What to do:
Exact copy, pictures excluded: please retype every record below.

BEGIN

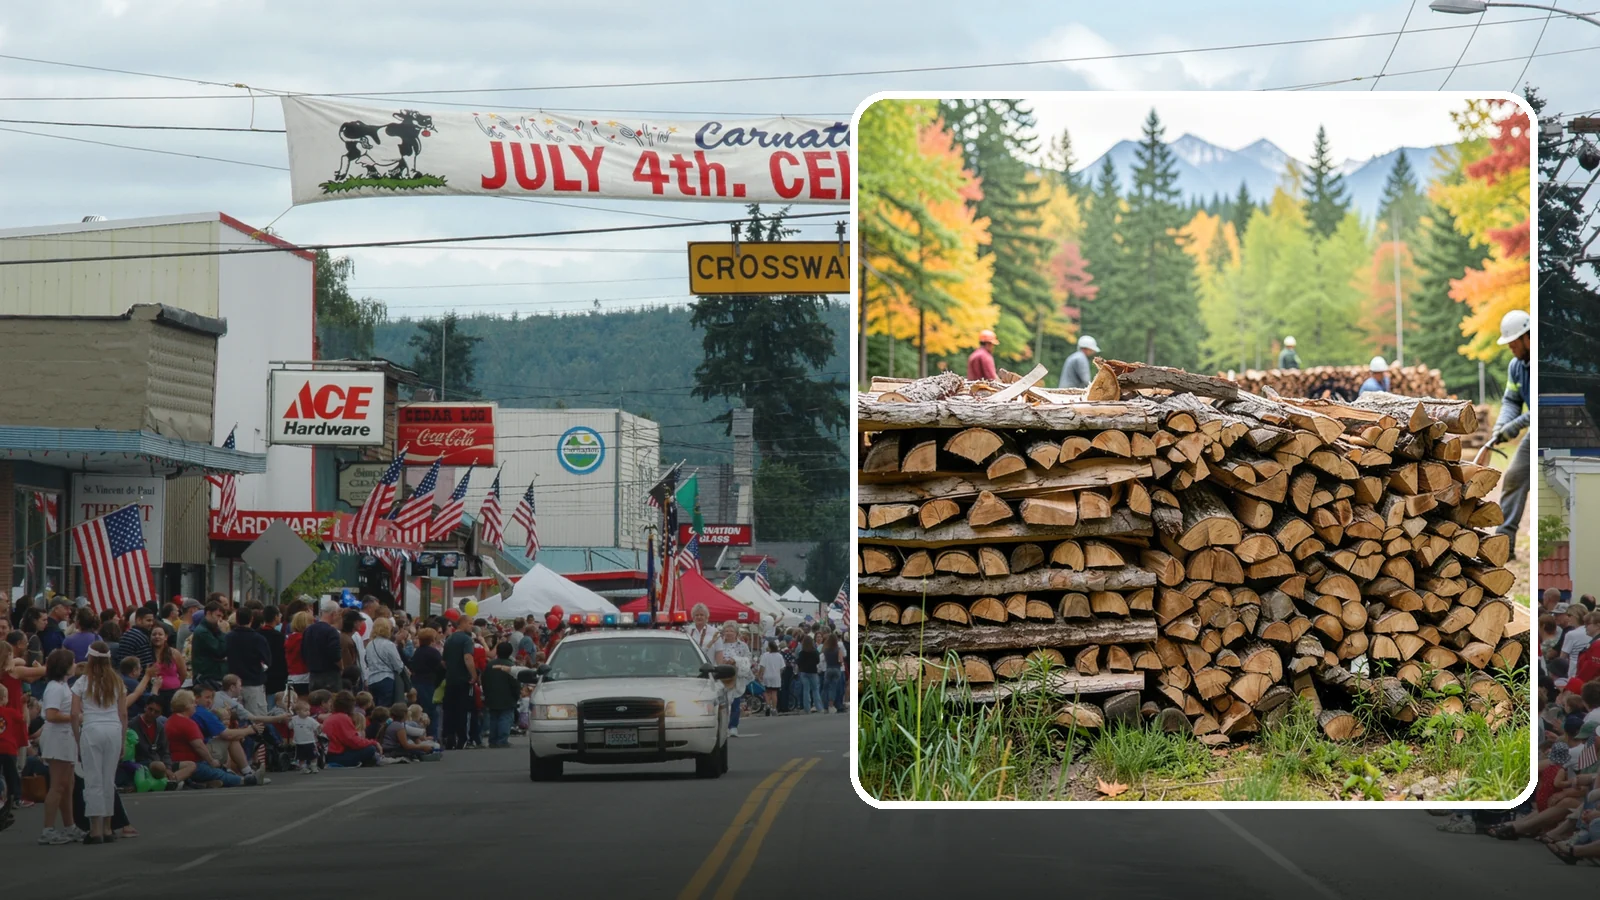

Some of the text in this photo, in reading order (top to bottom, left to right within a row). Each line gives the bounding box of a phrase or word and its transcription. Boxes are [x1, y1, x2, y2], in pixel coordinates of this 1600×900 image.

[695, 121, 850, 150] Carnat
[481, 140, 605, 192] JULY
[632, 150, 746, 198] 4th.
[696, 254, 850, 280] CROSSWA
[282, 380, 373, 420] ACE
[405, 409, 485, 422] CEDAR LOG
[283, 421, 371, 436] Hardware
[83, 485, 155, 496] St. Vincent de Paul
[688, 526, 742, 535] CRNATION
[699, 535, 731, 544] GLASS
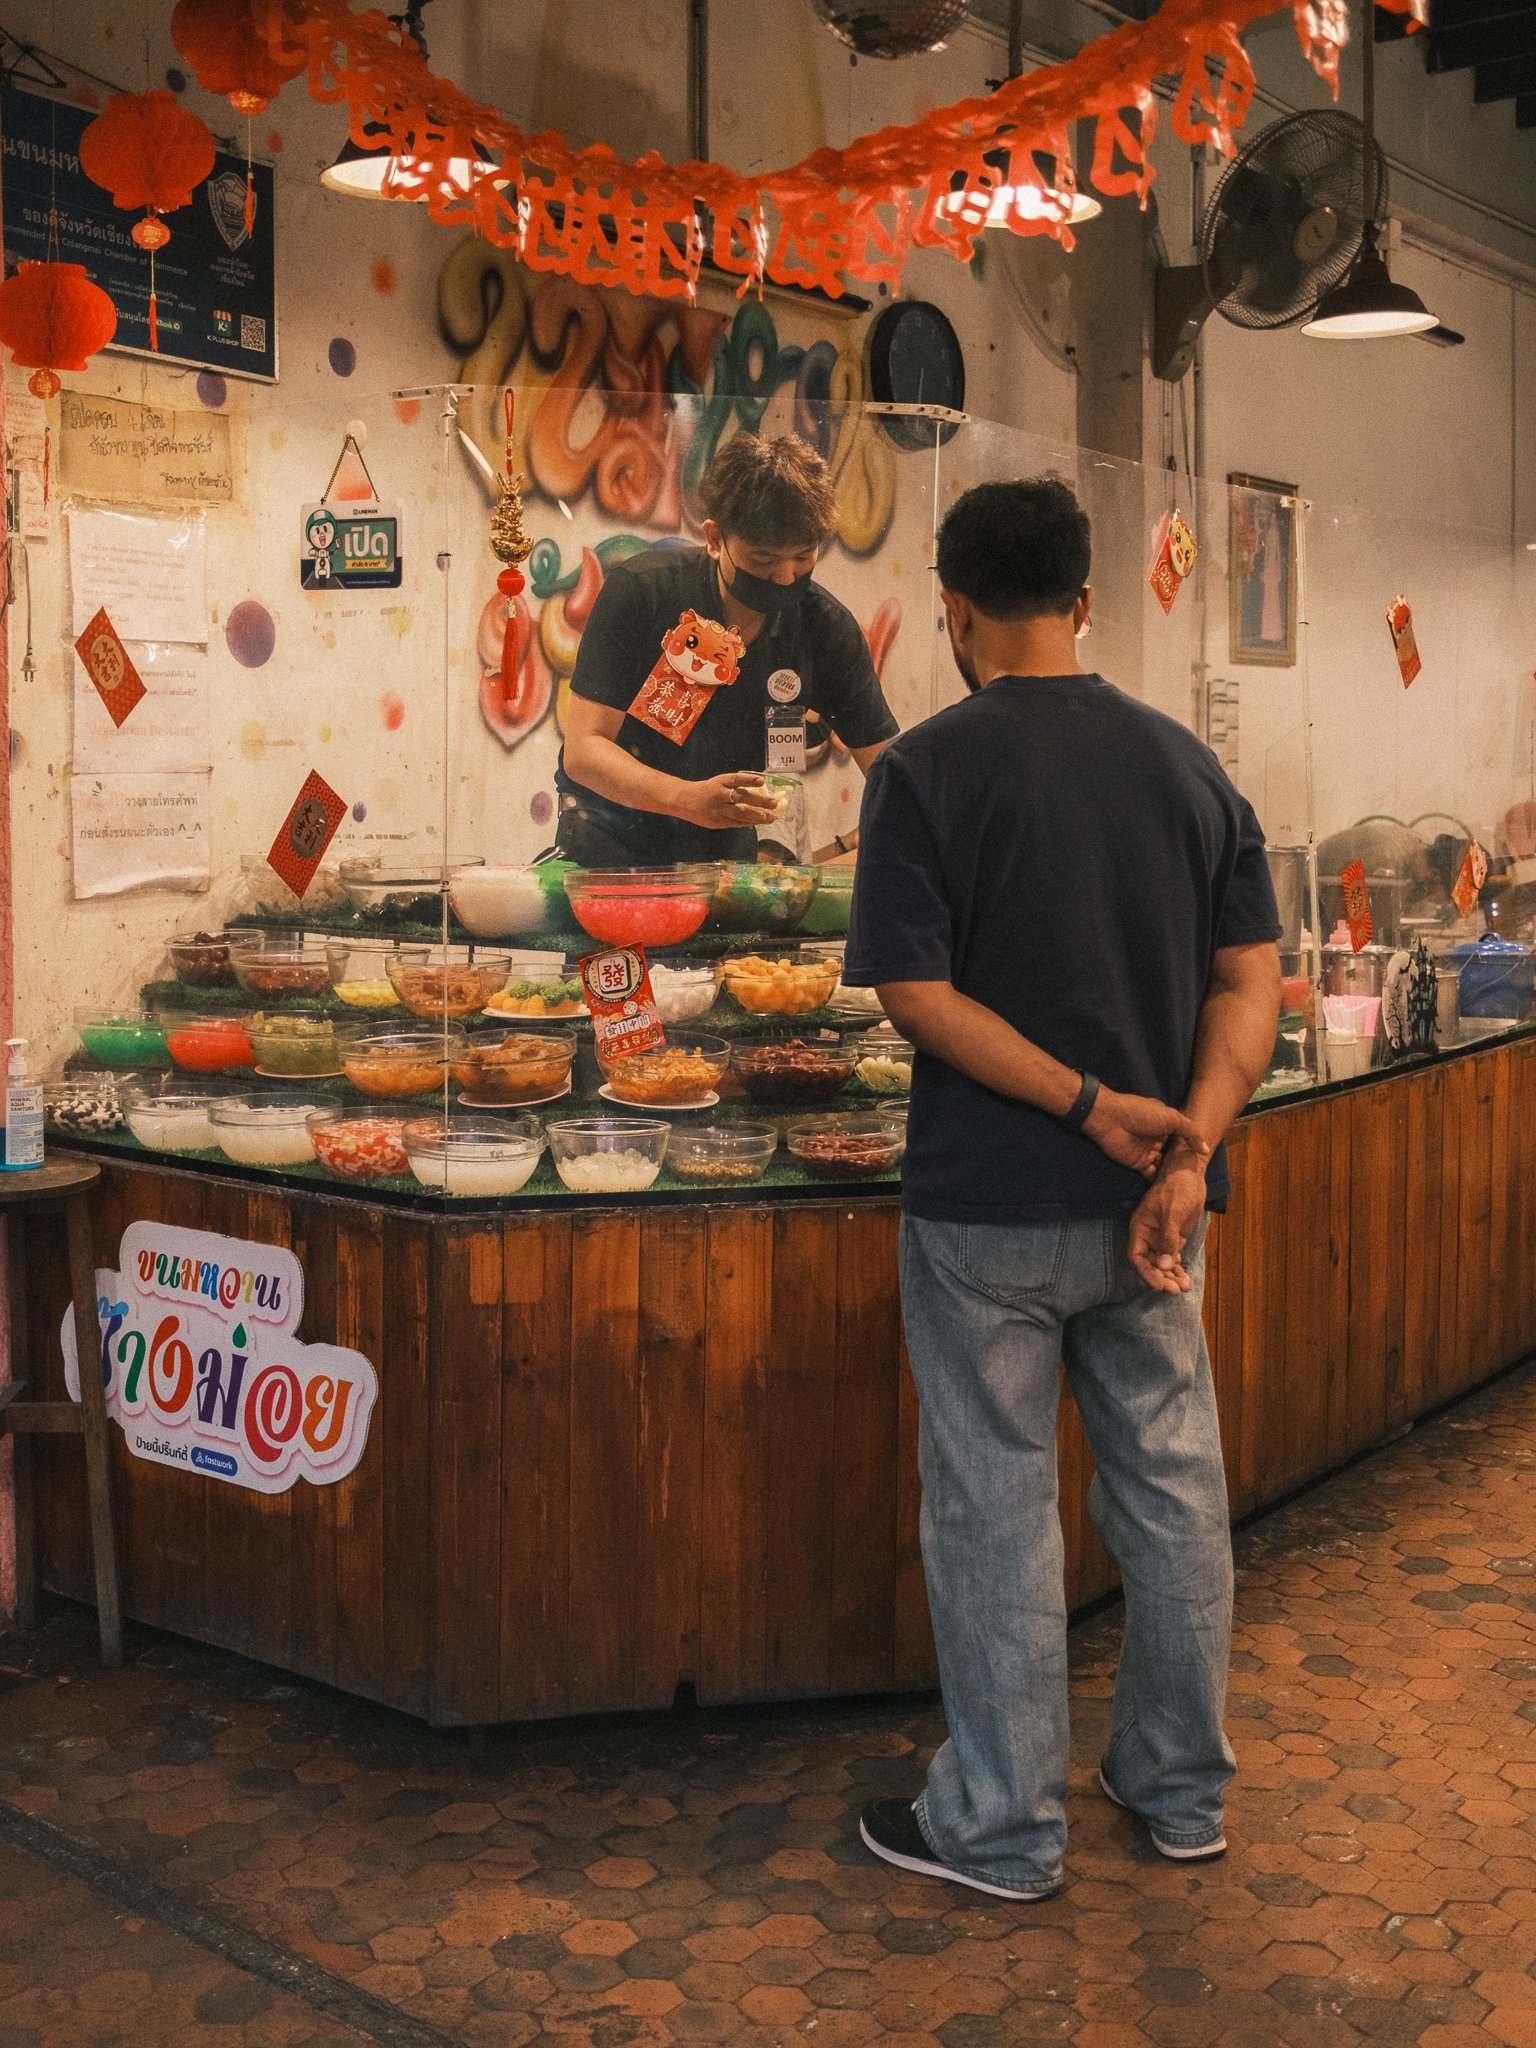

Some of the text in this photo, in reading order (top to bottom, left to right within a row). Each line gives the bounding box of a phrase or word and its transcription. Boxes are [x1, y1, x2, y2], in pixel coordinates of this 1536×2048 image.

[151, 260, 188, 277] ommerce
[344, 525, 389, 558] เปิด
[769, 734, 803, 744] BOOM
[137, 1248, 282, 1311] ขนมหวาน
[97, 1295, 354, 1464] ้างม่อย
[204, 1454, 234, 1471] fastwork
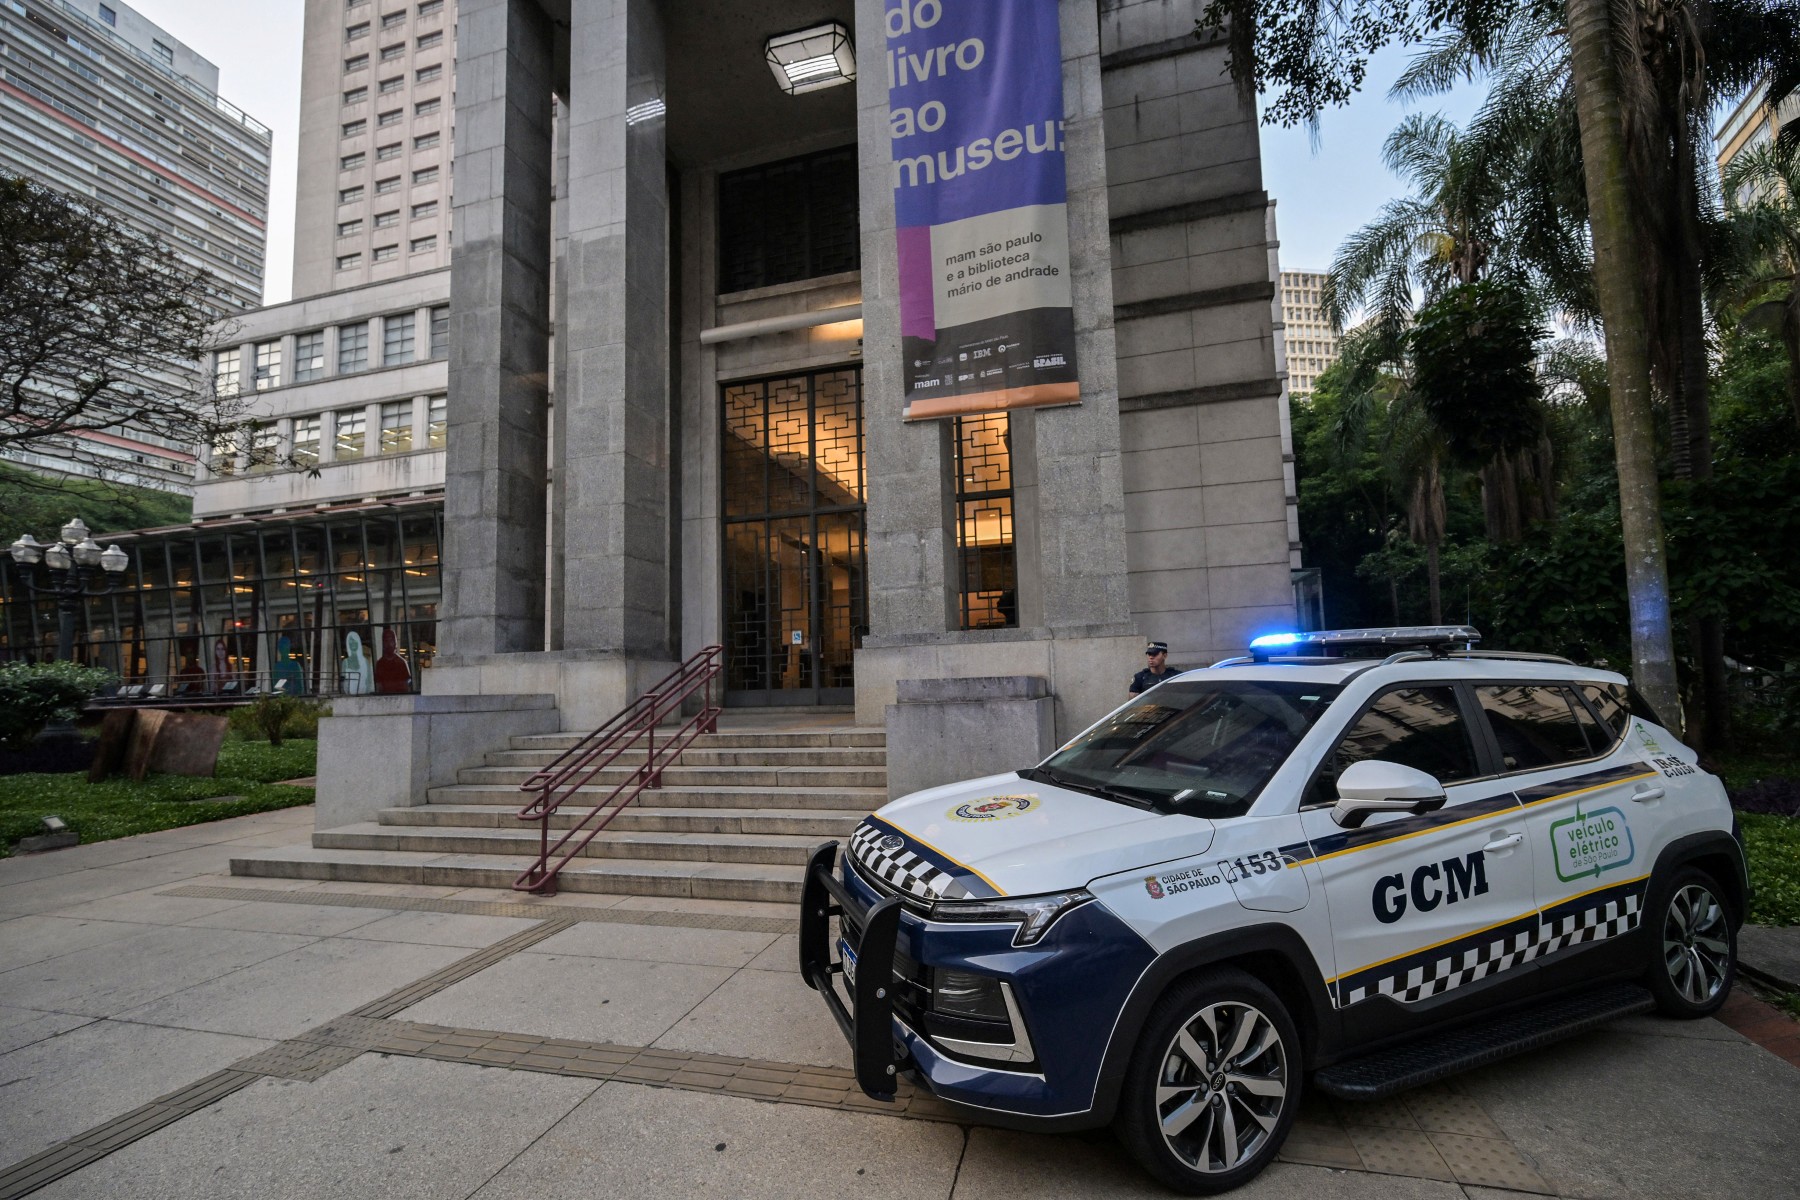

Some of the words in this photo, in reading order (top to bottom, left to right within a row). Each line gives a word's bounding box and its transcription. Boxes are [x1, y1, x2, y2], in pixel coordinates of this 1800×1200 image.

END

Result:
Some of the text in this photo, in reading order (top to bottom, left to right within a row). Each line gives the bounding box of a phrase or word and its transcription. Boxes are [x1, y1, x2, y2], in pixel coordinates of this 1600×900 image.

[695, 121, 850, 150] Carnat
[481, 140, 605, 192] JULY
[632, 150, 746, 198] 4th.
[696, 254, 850, 280] CROSSWA
[282, 380, 373, 420] ACE
[405, 409, 485, 422] CEDAR LOG
[283, 421, 371, 436] Hardware
[83, 485, 155, 496] St. Vincent de Paul
[688, 526, 742, 535] CRNATION
[699, 535, 731, 544] GLASS

Some of the text in this photo, in reading order (top to bottom, left to right within a row). Each line gives the bounding box of a phrase or word and its transcription. Boxes are [x1, y1, x2, y2], in pixel coordinates of this 1536×2048 image.

[151, 260, 188, 277] ommerce
[344, 525, 389, 558] เปิด
[769, 734, 803, 744] BOOM
[137, 1248, 282, 1311] ขนมหวาน
[97, 1295, 354, 1464] ้างม่อย
[204, 1454, 234, 1471] fastwork

Some of the words in this photo, in reading order (top to bottom, left to right within a row). Each line gives a word's bounding box and its transcription. Boxes are [x1, y1, x2, y2], in pixel coordinates of this 1800×1200 image.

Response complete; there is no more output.